The Workflow pattern joins Saga and TCC as the third orchestration primitive. Where Saga is sequential-with-compensation and TCC is two-phase-commit-with-reservations, Workflow is signal-driven and long-running — perfect for human-in-the-loop processes (loan approvals, manual reviews, multi-day waits) and DAG fan-out / fan-in.

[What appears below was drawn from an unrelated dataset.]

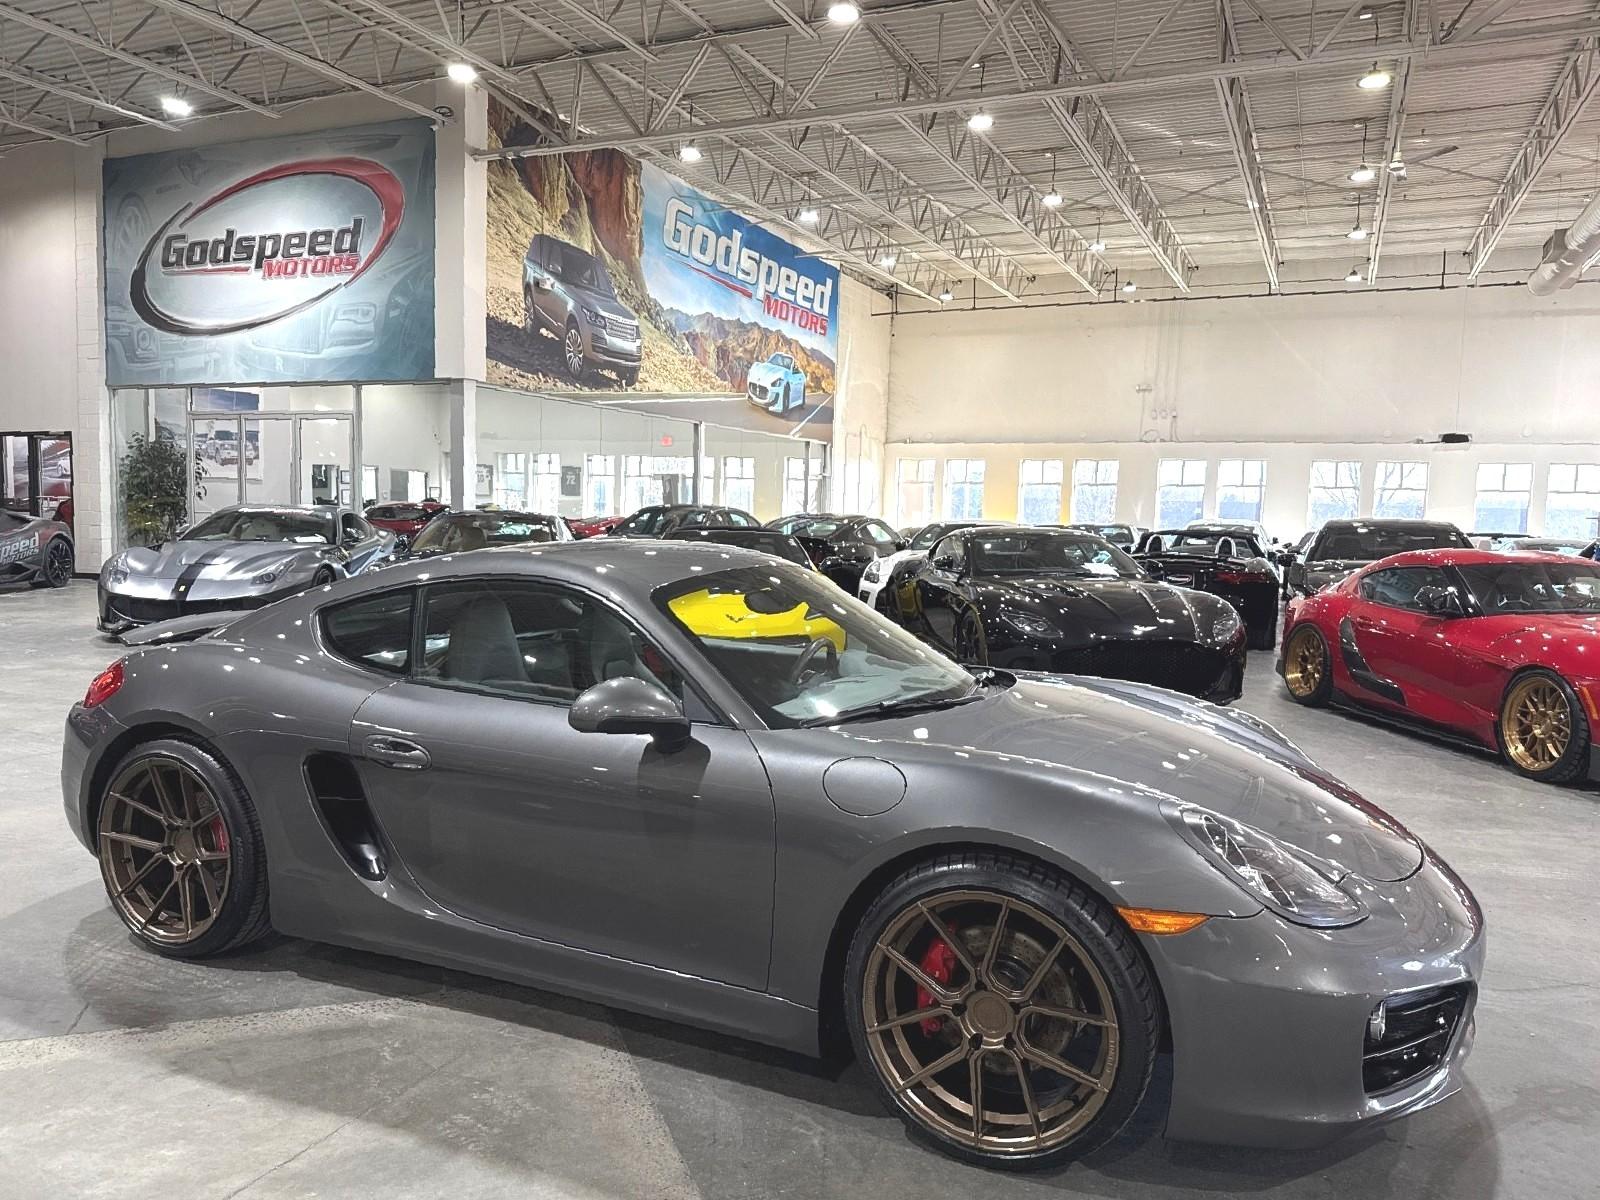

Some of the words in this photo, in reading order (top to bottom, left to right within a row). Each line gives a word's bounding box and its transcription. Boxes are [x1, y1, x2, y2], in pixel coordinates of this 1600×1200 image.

It mirrors the Java engine's org.fireflyframework.orchestration.workflow package one-to-one.

Decorators

from pyfly.transactional.workflow import (
    workflow, workflow_step,
    wait_for_signal, wait_for_timer, wait_for_all, wait_for_any,
    child_workflow, compensation_step, workflow_query,
    on_workflow_complete, on_workflow_error, on_step_complete,
    scheduled_workflow,
)

Definition

@workflow(id="loanApproval", trigger_event_type="LoanRequested",
          trigger_mode=TriggerMode.SYNC, timeout_ms=86_400_000)
class LoanApproval:
    @workflow_step(id="enrich")
    async def enrich(self, payload): ...

    @workflow_step(id="autoCheck", depends_on=["enrich"])
    async def auto_check(self): ...

    @workflow_step(id="manualReview", depends_on=["autoCheck"], compensatable=True,
                   compensation_method="releaseReview")
    @wait_for_signal("approved", timeout_ms=86_400_000)
    async def manual_review(self): ...

    @compensation_step(for_step="manualReview")
    async def releaseReview(self): ...

    @workflow_step(id="cooldown", depends_on=["manualReview"])
    @wait_for_timer(delay_ms=60_000)
    async def cooldown(self): ...

    @workflow_step(id="payout", depends_on=["cooldown"])
    @child_workflow(workflow_id="payoutFlow", wait_for_completion=True)
    async def payout(self): ...

    @workflow_query()
    async def status(self, ctx): return ctx.status

    @on_workflow_complete
    async def done(self, ctx): ...

    @on_workflow_error
    async def errored(self, ctx, err): ...

Driving the engine

result = await workflow_engine.start("loanApproval", input={"amount": 5000})
# Suspended on `wait_for_signal`; somewhere later:
await workflow_engine.deliver_signal(result.correlation_id, "approved",
                                     payload={"by": "manager-A"})
# Read-side query into the running workflow:
status = await workflow_engine.query(result.correlation_id, "status")

Programmatic builder

from pyfly.transactional.workflow.builder import WorkflowBuilder

definition = (
    WorkflowBuilder("paymentFlow")
    .step("validate", validate_handler)
    .step("authorize", authorize_handler, depends_on=["validate"])
    .wait_signal("approved", "human-approved", depends_on=["authorize"])
    .step("settle", settle_handler, depends_on=["approved"])
    .build()
)
workflow_registry._definitions[definition.id] = definition  # or expose register_definition

Persistence + REST

The workflow engine persists ExecutionContext after every layer through the configured ExecutionPersistenceProvider (in-memory, Redis, SQLAlchemy or cache). The REST controllers expose:

POST   /api/orchestration/workflow/start                 # body: {workflow_id, input}
POST   /api/orchestration/workflow/signal                # body: {correlation_id, signal, payload}

GET    /api/orchestration/executions                     # in-flight only by default; ?status=<S> filters exactly
GET    /api/orchestration/executions/{correlation_id}

GET    /api/orchestration/dlq                             # ?execution_name=… &correlation_id=… filter
GET    /api/orchestration/dlq/count                       # {"count": <int>}
GET    /api/orchestration/dlq/{entry_id}
POST   /api/orchestration/dlq/{entry_id}/retry
DELETE /api/orchestration/dlq/{entry_id}

Execution listing semantics

GET /api/orchestration/executions with no status query parameter returns only in-flight (non-terminal) executions — it no longer surfaces the whole store including terminal history (Java parity). Supplying an explicit ?status=<STATUS> filters the store to exactly that status.

Dead-letter queue

GET /api/orchestration/dlq/count returns {"count": <int>} — the cardinality of dead-lettered runs, backed by DeadLetterService.count() — for ops dashboards. The dlq collection also supports listing (optionally filtered by execution_name / correlation_id), fetching a single entry, marking an entry retried, and deleting an entry.